TEXT: ALEXANDRA WACH
»Die verschiedenen Objekte des Universums mögen zeitweise konstant sein, aber ihre wechselseitigen Beziehungen sind ständigen Veränderungen unterworfen«, schrieb Alexander Calder 1932 in dem Text »Was sich bewegt – Über bewegliche Skulpturen«. Im Fall seiner frei schwebenden Objekte ging es dem 1898 in Pennsylvania geborenen US-Amerikaner darum, ihre »Bewegungen zu harmonisieren und so eine neue Schönheit zu ermöglichen«. Eine paradoxe Sinnlichkeit geht diesen »seltsamen Wesen, halb Materie, halb Leben«, wie sie Sartre beschrieb, tatsächlich bis heute nicht ab, trotz der inflationären Vermarktung, die sie spätestens in der Nachkriegszeit als unverwechselbarer Wohnzimmerdekor oder Ohrschmuck einer Peggy Guggenheim erfahren haben.

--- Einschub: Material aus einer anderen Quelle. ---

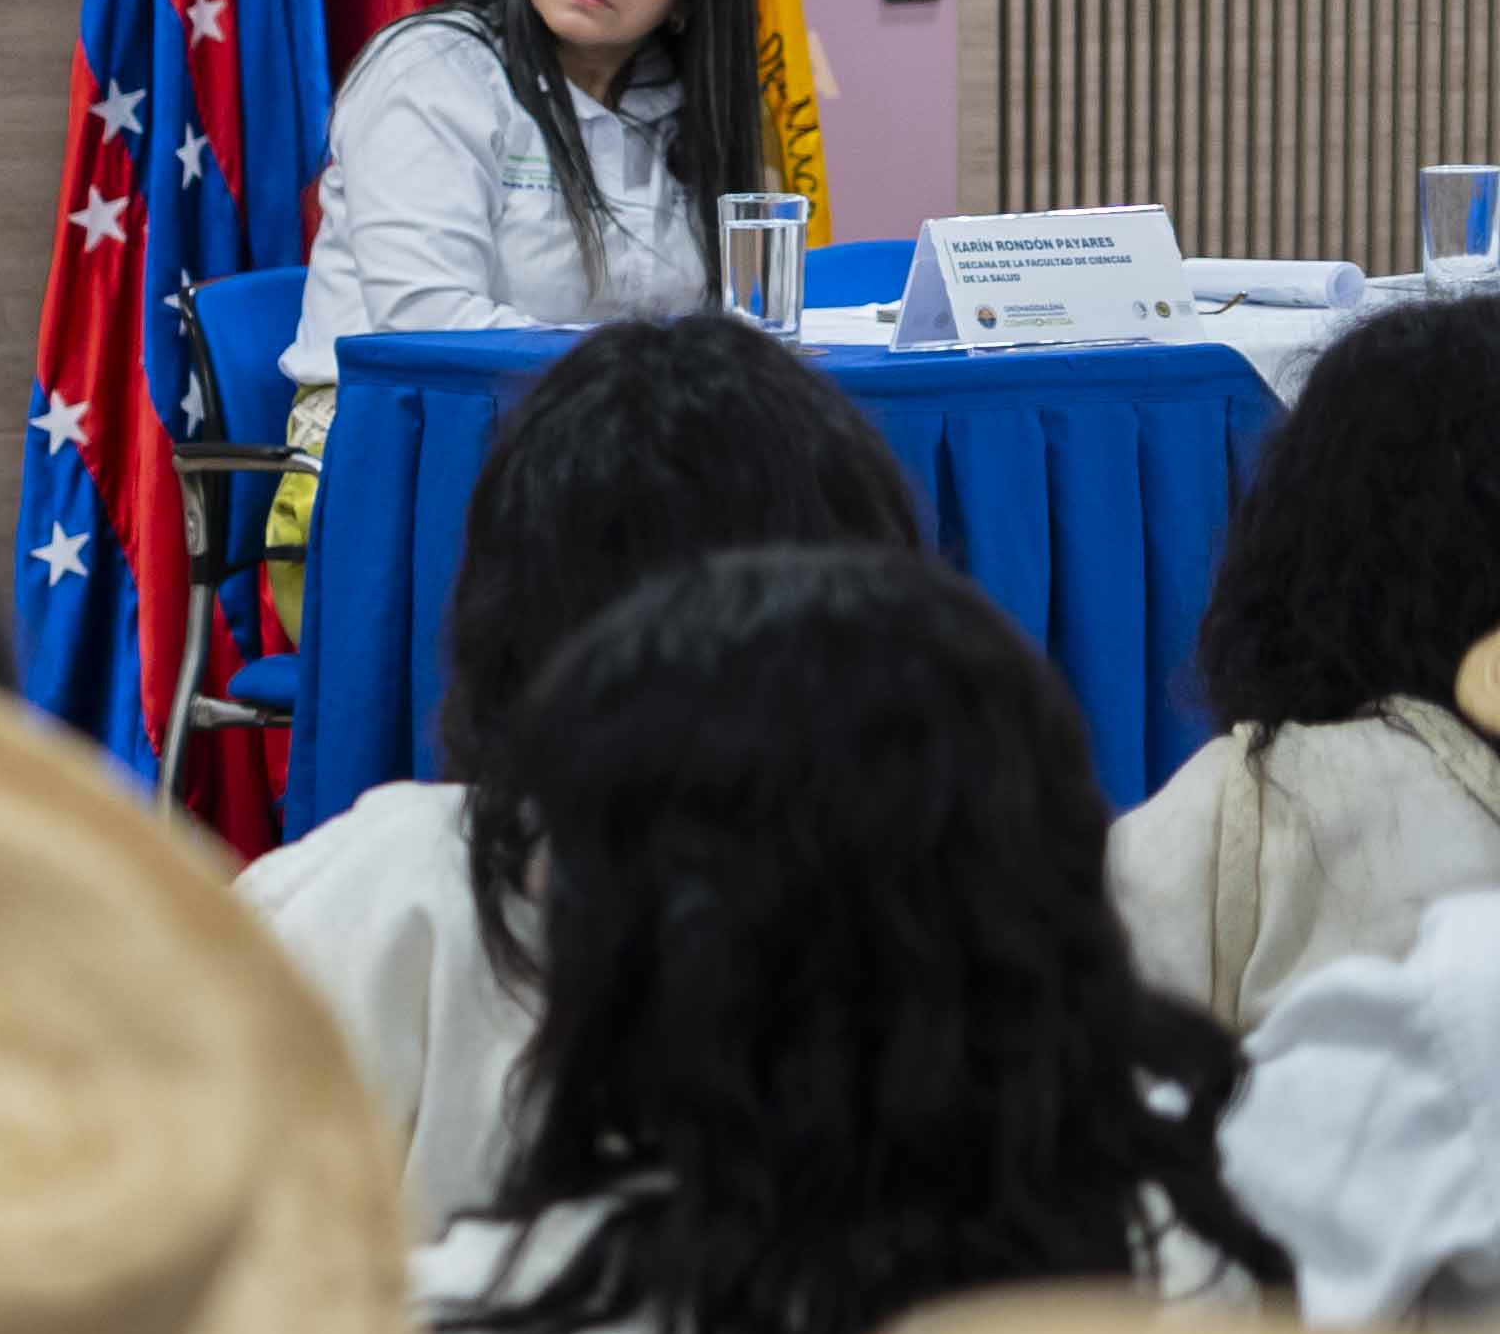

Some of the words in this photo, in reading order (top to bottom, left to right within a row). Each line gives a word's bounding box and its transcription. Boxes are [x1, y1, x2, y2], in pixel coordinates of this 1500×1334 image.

Bereits 1931, fünf Jahre nach seiner Ankunft an der Seine, verbuchte der studierte Ingenieur und Miterfinder der kinetischen Kunst mit der ersten Einzelausstellung in der Pariser Galerie Percier einen beachtlichen Erfolg. Da zählte er neben seinem Landsmann Man Ray bereits zum festen Inventar der hauptstädtischen Bohème. Mit Arno Breker, dem späteren Lieblingsbildhauer von Hitler, teilte er sich ein Atelier. Picasso erbat noch vor der Eröffnung eine Privatführung beim Künstler persönlich. Dessen abstrakt biomorphe Werke fanden auf Anhieb Anklang bei den Sammlern und machten Calder zu einem der wenigen Avantgardisten, die vom Markt und den Zeitschriften hofiert wurden und nicht jahrelang auf den finanziellen Erfolg warten mussten.
ES KLANG!
Eine Neuerwerbung aus dieser Zeit brachte auch das Sammlungsteam des K20 in Bewegung. Denn bei der Überprüfung des 1936 von Calder geschaffenen Klang-Objekts stellte sich heraus, dass es sich um ein »Noise-Mobile« handelt – neben den Stabiles eine weitere Unterkategorie der berühmten Mobiles, die längst als buntes Spielzeug Einzug in jedes zweite Kinderzimmer gehalten haben. Dieses eher unbekannte Werk, eine an einem Draht hängende Kugel, die beim Pendeln einen Klang erzeugt, und der selten untersuchte akustische Aspekt in Calders Arbeit gaben für Museumsdirektorin Marion Ackermann und ihre Kuratorin Susanne Meyer-Büser den Ausschlag zur publikumswirksamen Werkschau.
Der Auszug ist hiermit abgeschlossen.